▸ **WHAT YOU HAVE TO DO**:
Only one stretch of the data below is needed: the line with "this 1600×1066 image." through the last line. Output it exactly and drop the pictures.

(Records from a collection)

════

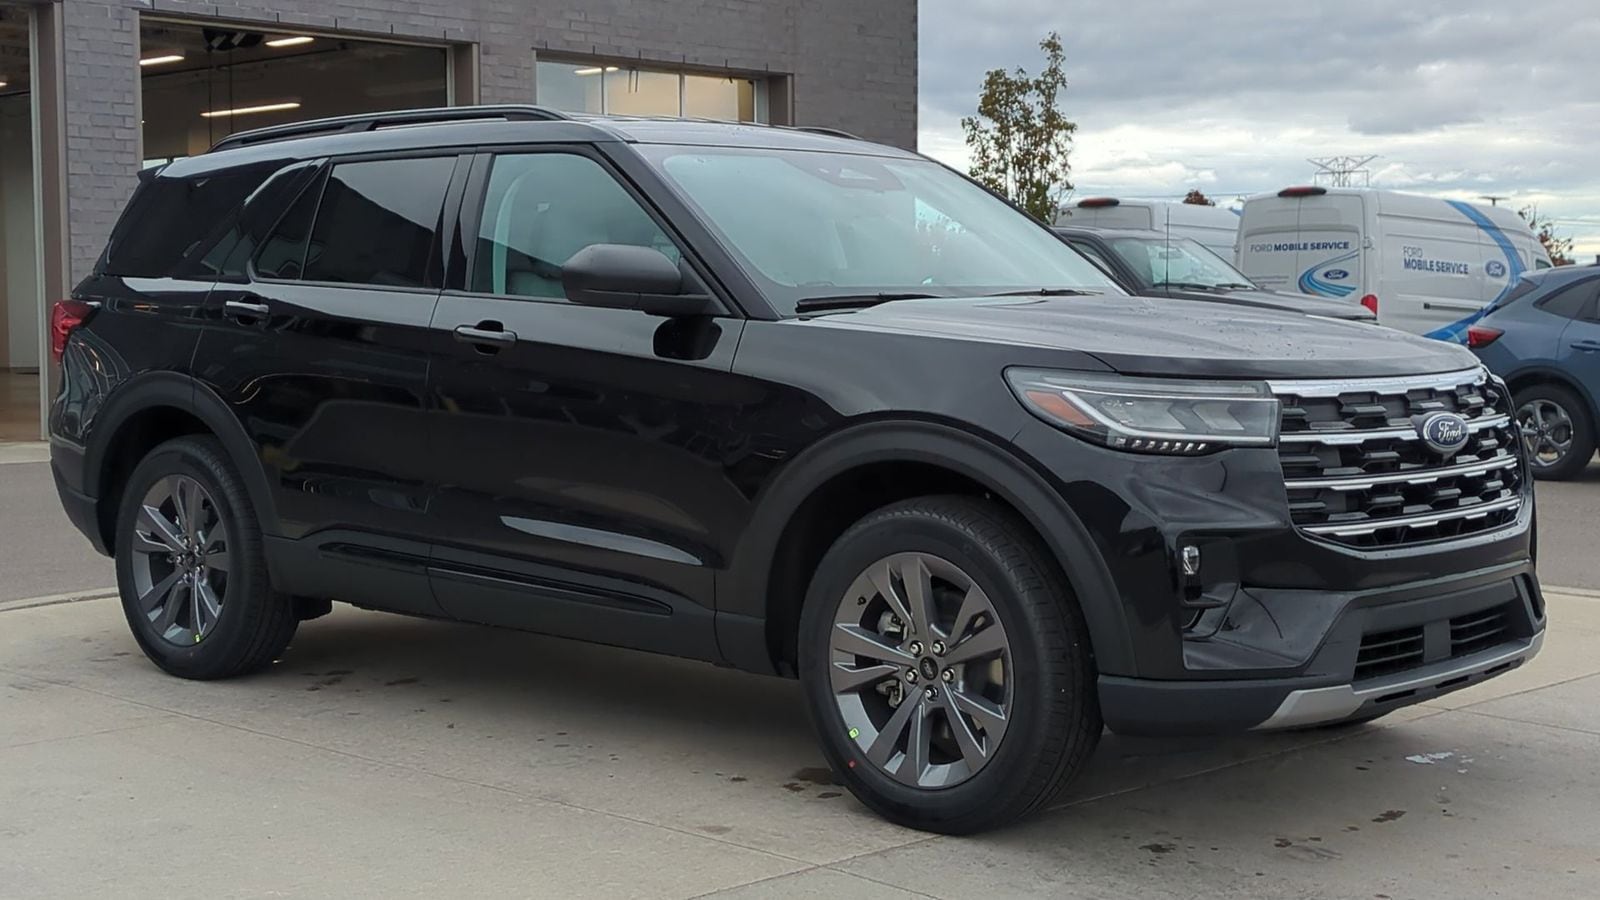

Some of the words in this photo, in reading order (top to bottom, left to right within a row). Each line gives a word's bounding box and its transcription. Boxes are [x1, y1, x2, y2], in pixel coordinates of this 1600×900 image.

[1250, 243, 1272, 252] FORD
[1274, 243, 1308, 251] MOBILE
[1310, 241, 1349, 250] SERVICE
[1403, 246, 1423, 258] FORD
[1404, 258, 1434, 272] MOBILE
[1435, 261, 1469, 275] SERVICE
[1437, 420, 1463, 442] Ford
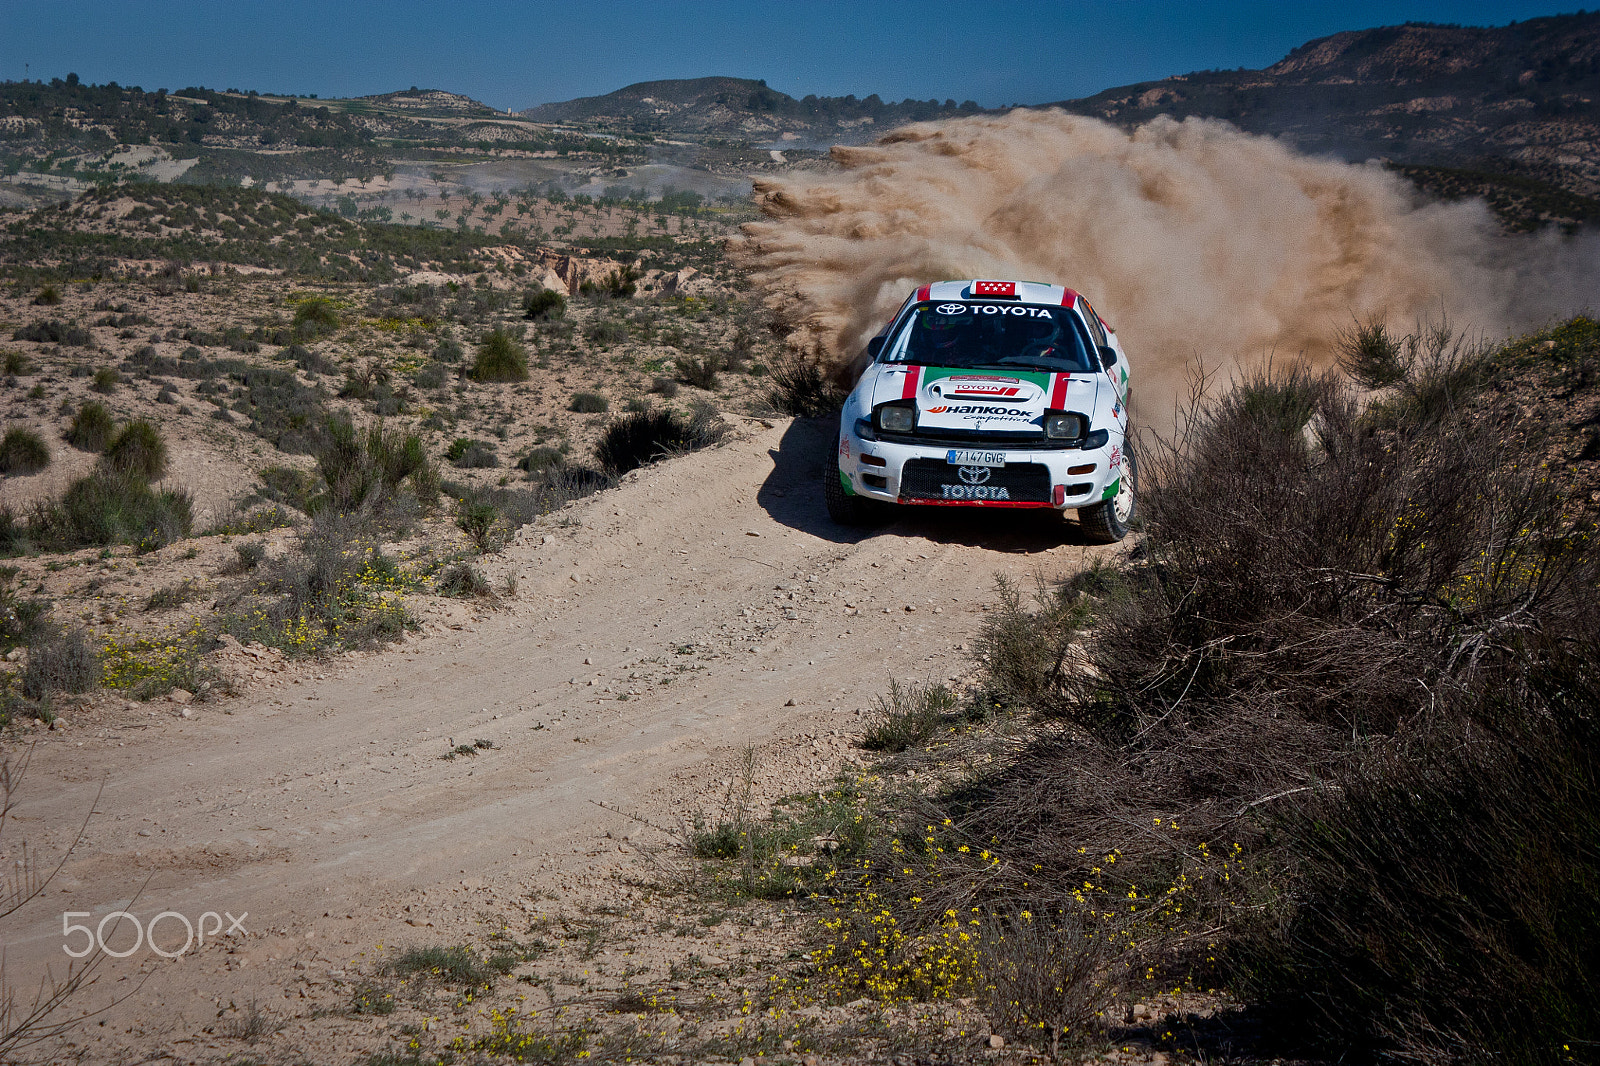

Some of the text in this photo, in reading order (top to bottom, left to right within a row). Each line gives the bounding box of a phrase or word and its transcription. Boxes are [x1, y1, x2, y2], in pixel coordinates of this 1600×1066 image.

[970, 305, 1052, 319] TOYOTA
[957, 452, 1003, 463] 7147 GVG
[941, 484, 1010, 499] TOYOTA
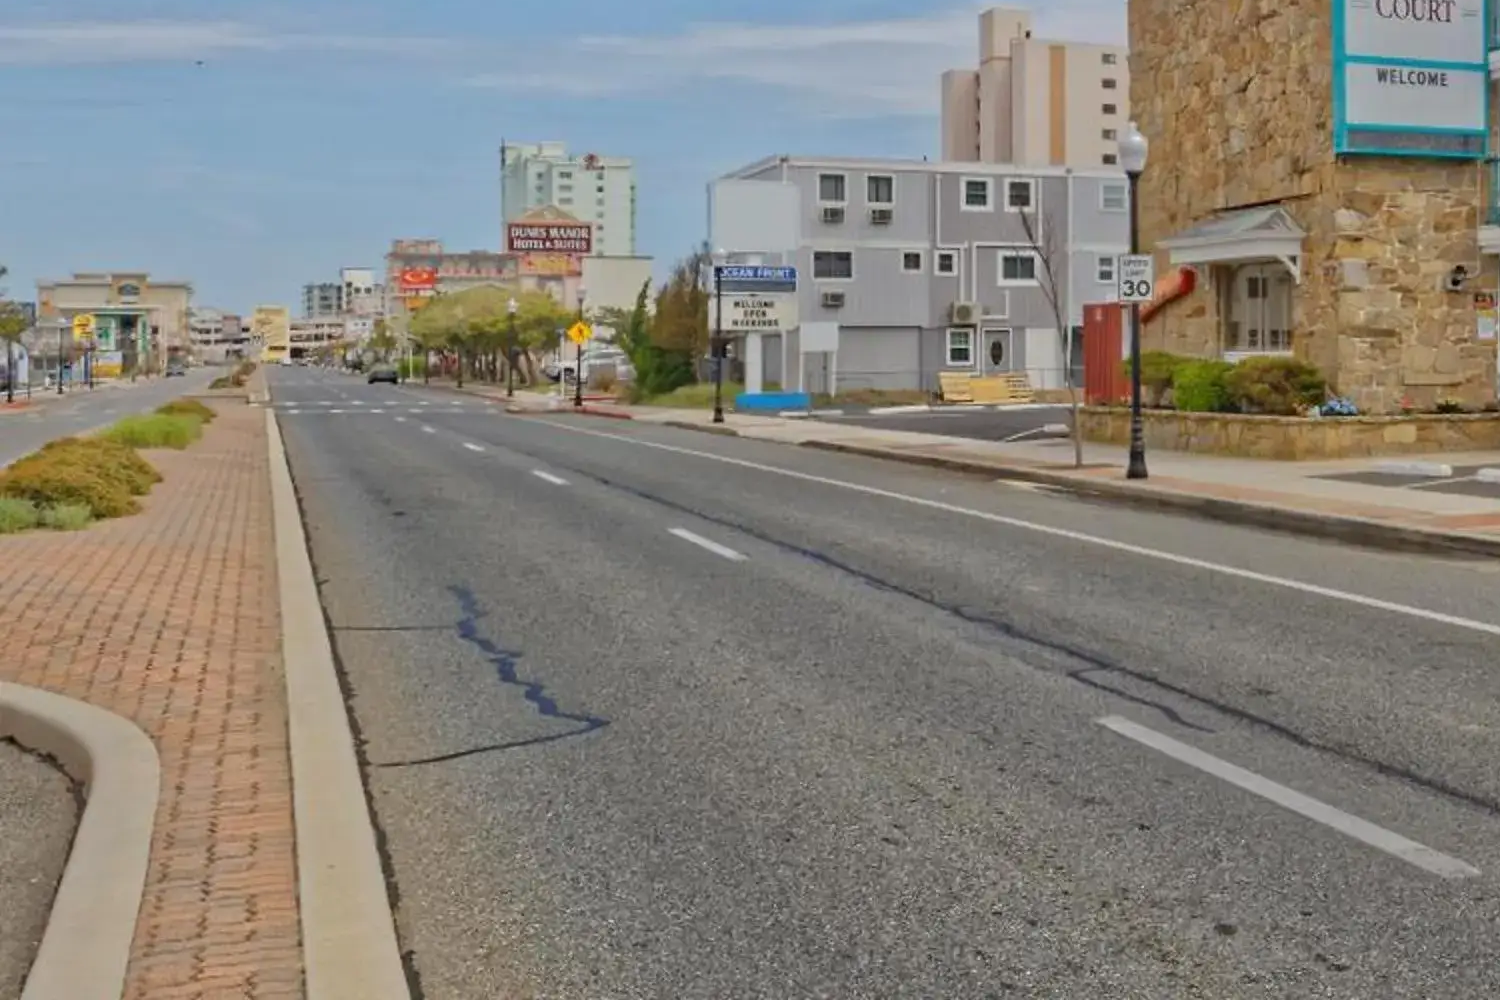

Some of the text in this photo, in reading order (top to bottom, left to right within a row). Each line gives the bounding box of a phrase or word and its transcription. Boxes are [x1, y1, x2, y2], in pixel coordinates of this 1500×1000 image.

[1376, 67, 1449, 87] WELCOME
[511, 226, 589, 239] DUNES MANOR
[513, 238, 544, 249] HOTEL
[1122, 279, 1151, 297] 30
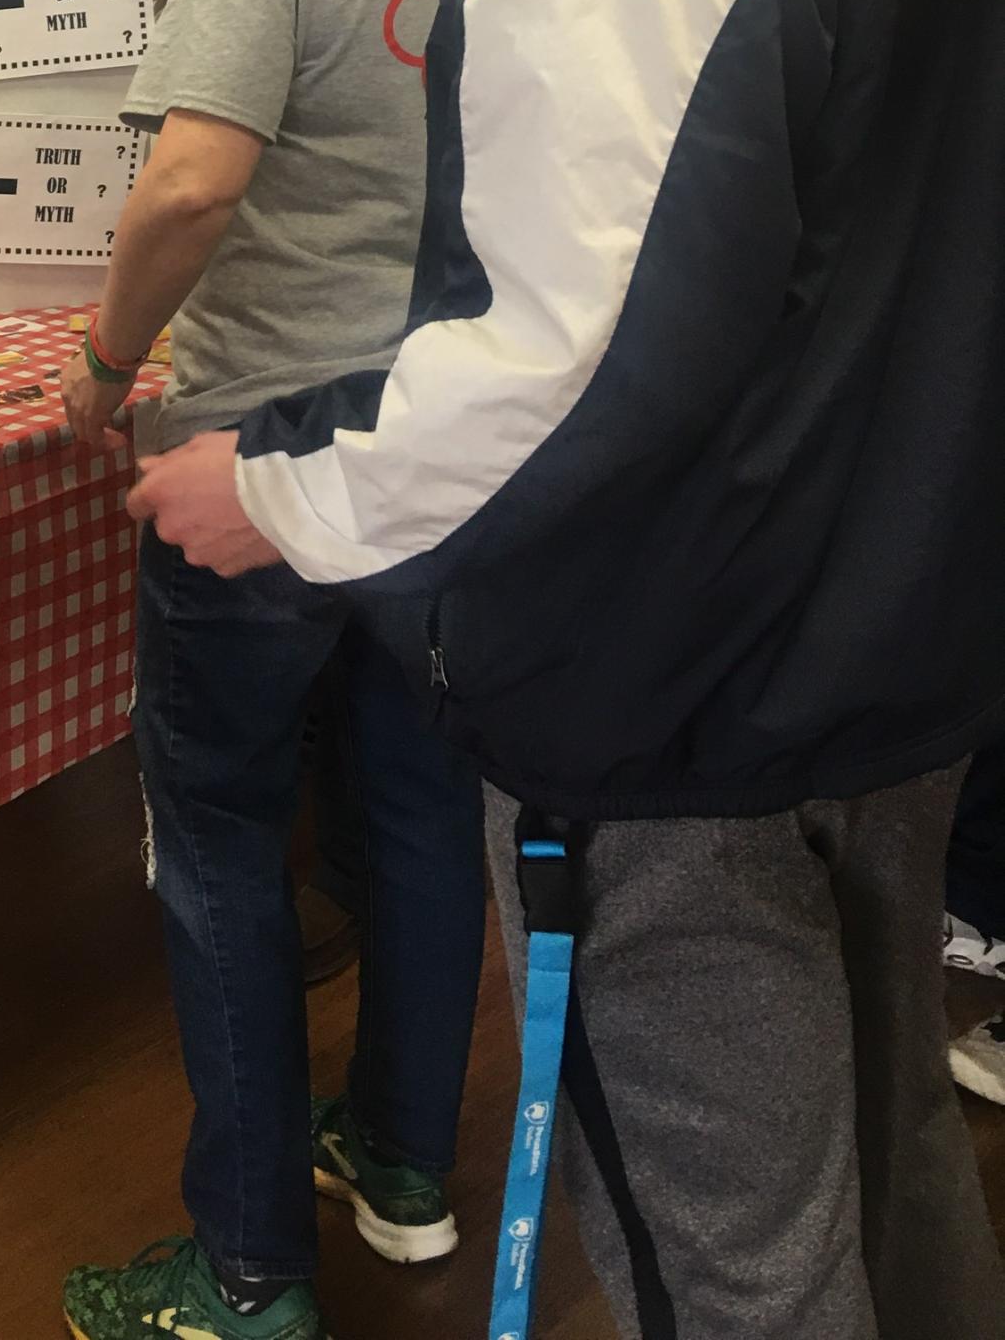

════

▸ **SOLVED EXERCISE**:
Some of the text in this photo, in reading order (top to bottom, left to right within a row). Each line gives the bounding box of a phrase or word and its transcription. Boxes are [x1, y1, x2, y2], in pixel coordinates of this 1600×1066 image.

[970, 305, 1052, 319] TOYOTA
[957, 452, 1003, 463] 7147 GVG
[941, 484, 1010, 499] TOYOTA

Some of the text in this photo, in reading order (top to bottom, left to right within a row). Each line gives the bounding box of a phrase or word and its transcription. Boxes are [x1, y1, x2, y2], in pixel coordinates of this 1500×1000 image.

[1376, 67, 1449, 87] WELCOME
[511, 226, 589, 239] DUNES MANOR
[513, 238, 544, 249] HOTEL
[1122, 279, 1151, 297] 30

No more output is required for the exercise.